• [ASSIGNMENT] Produce a verbatim copy of the following records, leaving out all pictures.
===== DATA TO USE =====
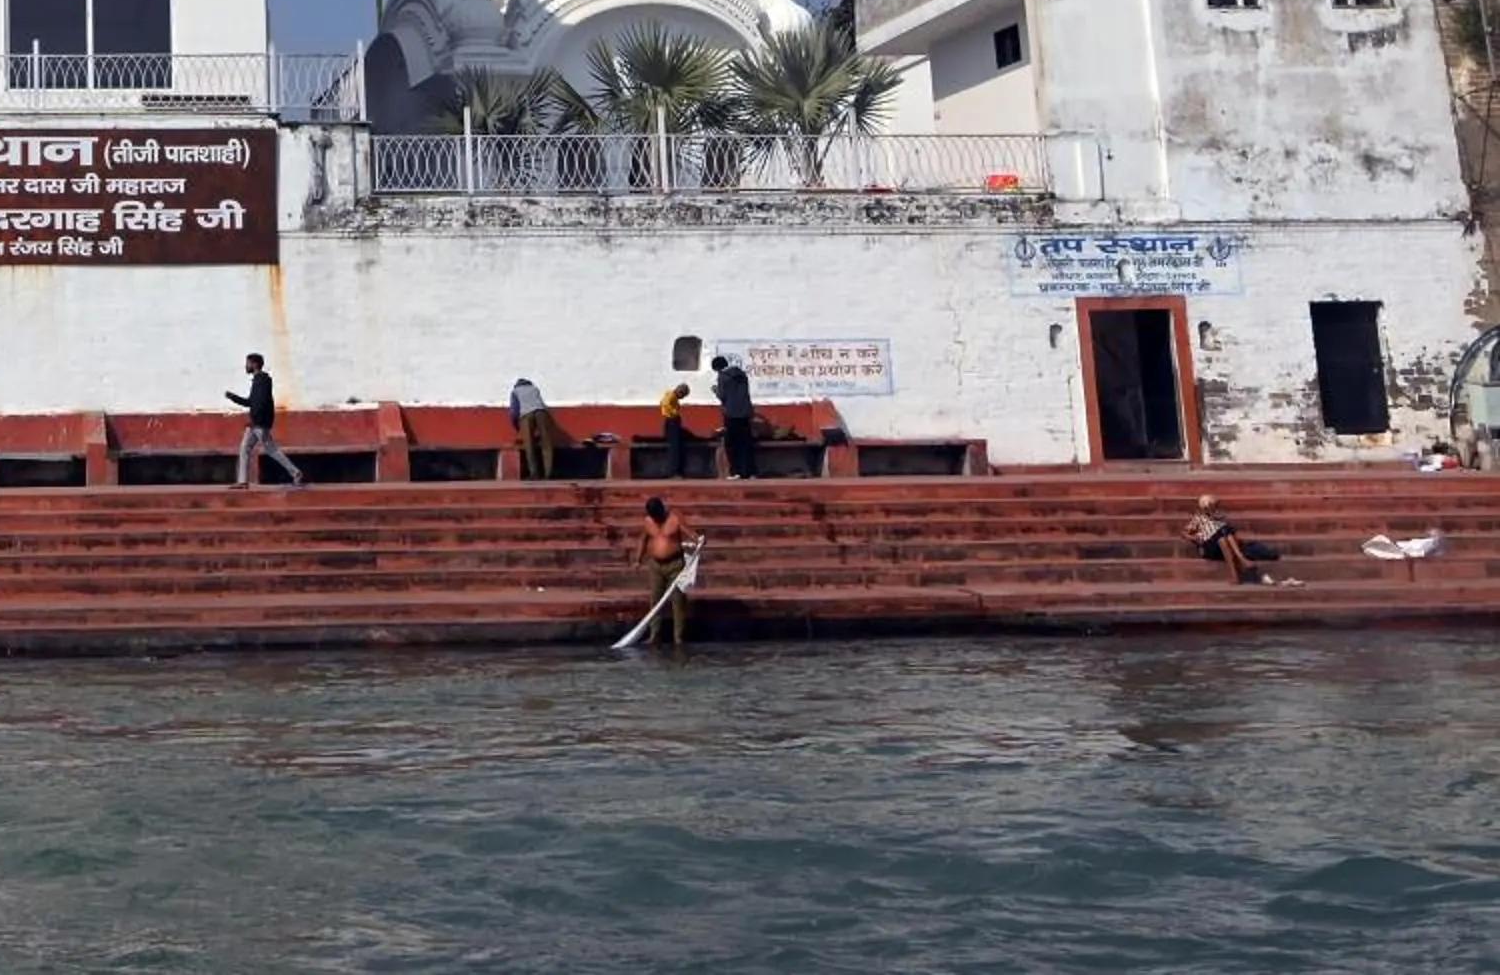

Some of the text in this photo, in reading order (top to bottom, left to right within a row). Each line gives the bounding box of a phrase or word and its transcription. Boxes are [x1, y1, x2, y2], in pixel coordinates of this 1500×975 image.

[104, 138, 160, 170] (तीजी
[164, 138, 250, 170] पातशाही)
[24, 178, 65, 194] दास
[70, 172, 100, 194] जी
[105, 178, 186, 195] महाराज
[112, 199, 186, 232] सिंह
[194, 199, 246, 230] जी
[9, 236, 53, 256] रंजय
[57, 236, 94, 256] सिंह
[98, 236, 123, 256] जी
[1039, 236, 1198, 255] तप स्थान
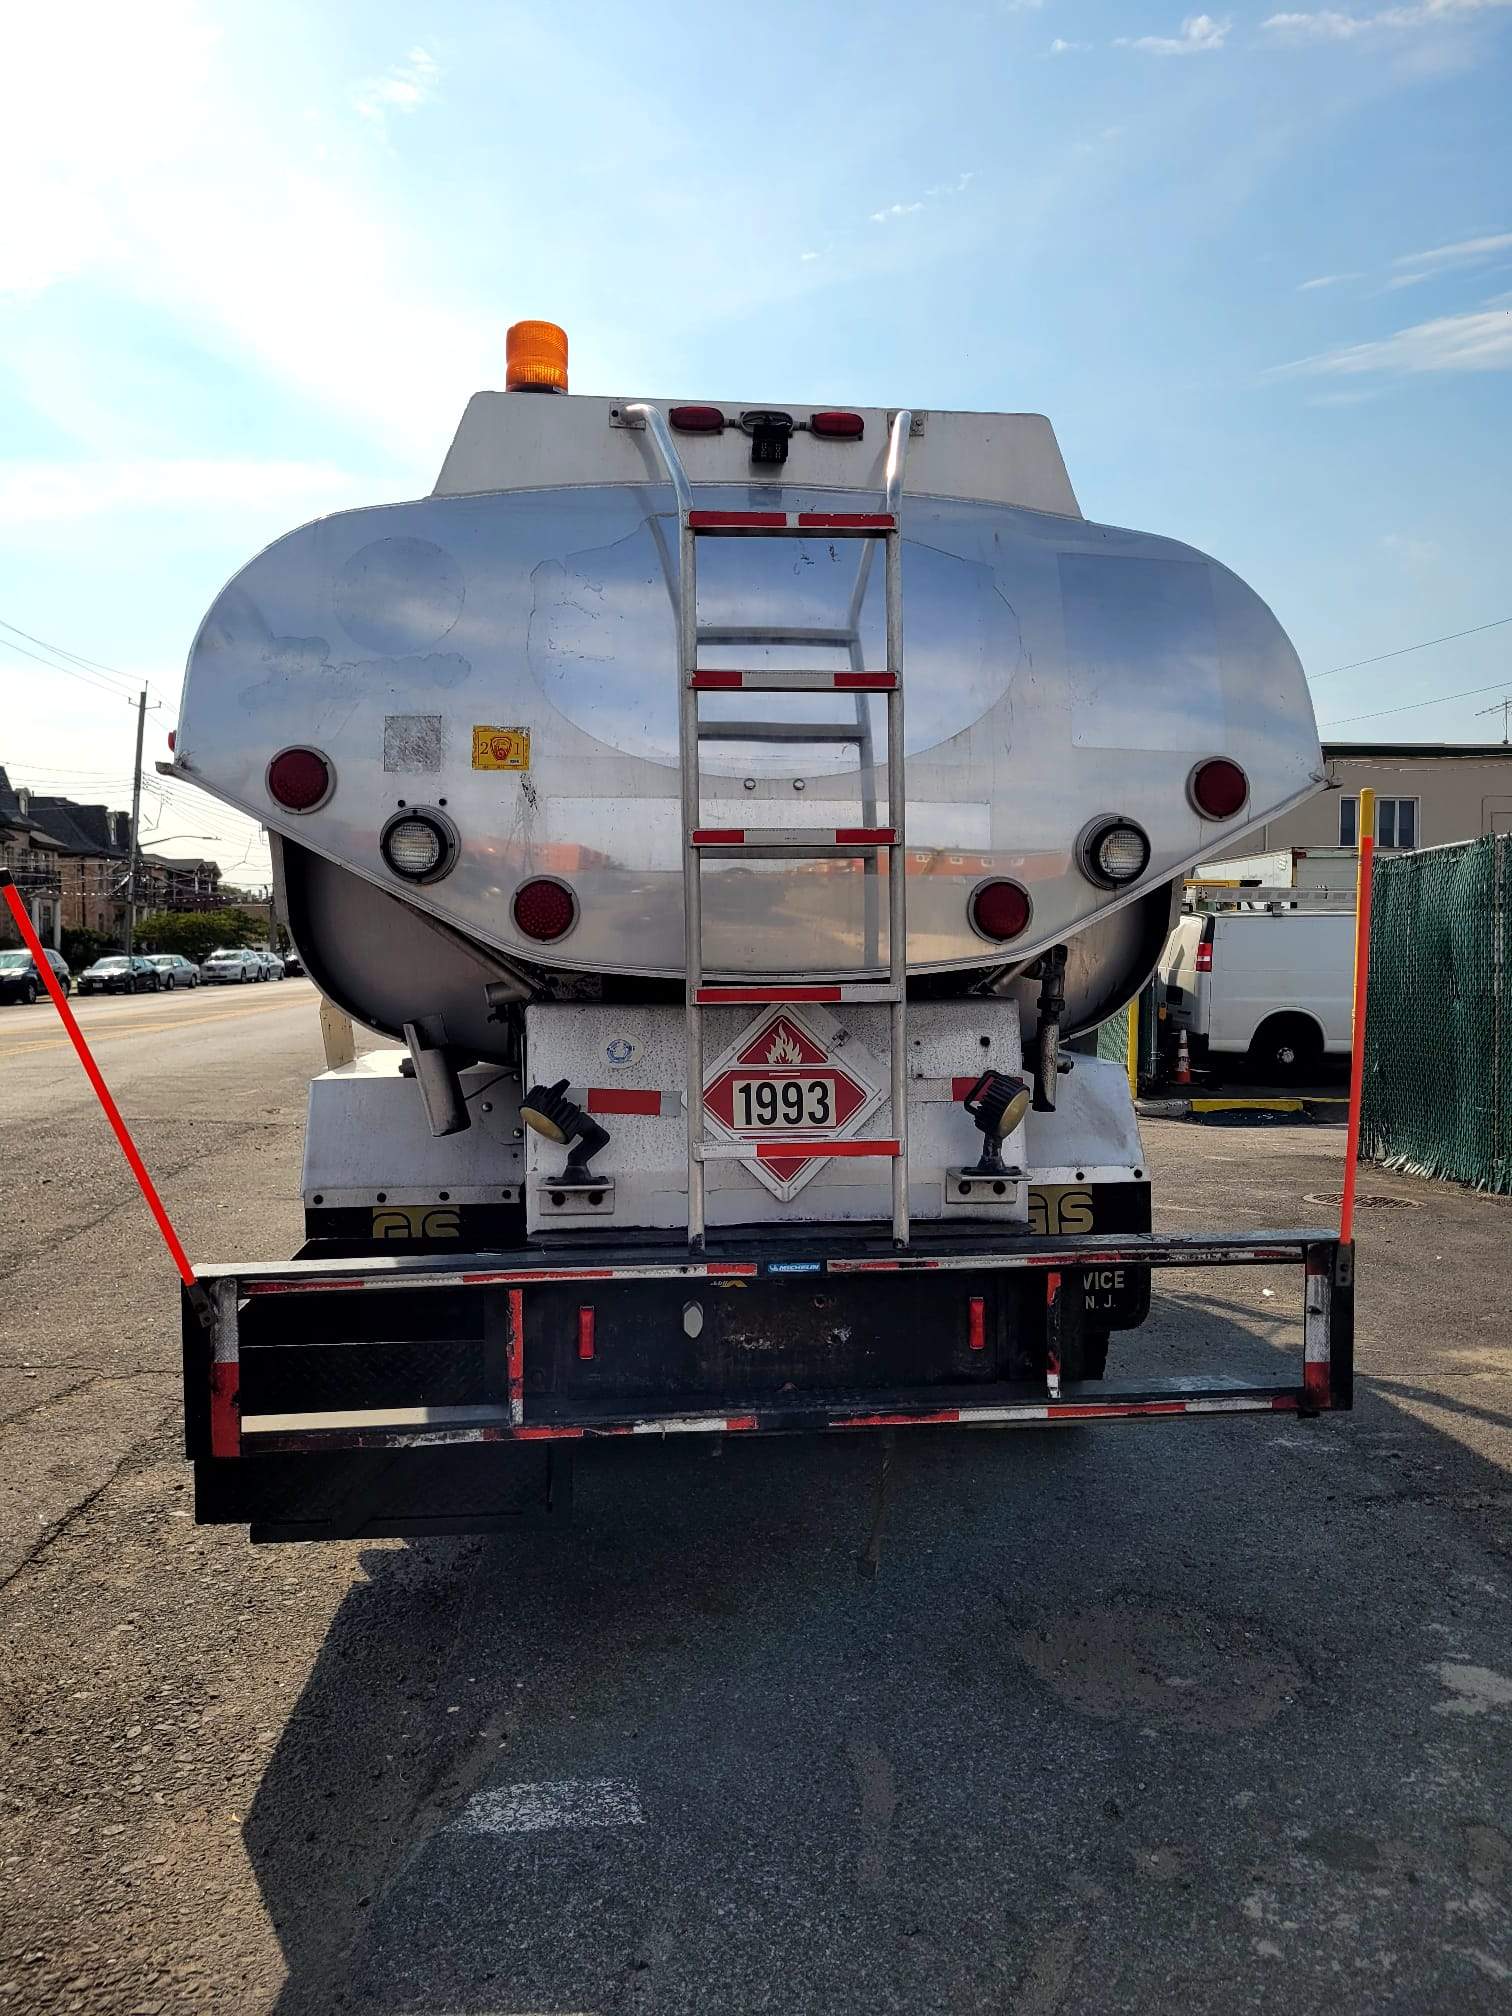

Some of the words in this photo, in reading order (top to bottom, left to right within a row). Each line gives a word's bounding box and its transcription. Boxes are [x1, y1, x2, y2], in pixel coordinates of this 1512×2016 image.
=====
• [EXERCISE RESULT]
Some of the text in this photo, in reading order (top to bottom, left to right within a row). Each line gives the bounding box of a phrase or word and its transcription. Boxes are [x1, y1, x2, y2], in pixel coordinates of this 1500×975 image.

[104, 138, 160, 170] (तीजी
[164, 138, 250, 170] पातशाही)
[24, 178, 65, 194] दास
[70, 172, 100, 194] जी
[105, 178, 186, 195] महाराज
[112, 199, 186, 232] सिंह
[194, 199, 246, 230] जी
[9, 236, 53, 256] रंजय
[57, 236, 94, 256] सिंह
[98, 236, 123, 256] जी
[1039, 236, 1198, 255] तप स्थान

Some of the words in this photo, in reading order (top to bottom, left to right within a row). Each line gives a word's bounding box and its transcription. Boxes are [x1, y1, x2, y2], in pixel coordinates of this 1512×2016 image.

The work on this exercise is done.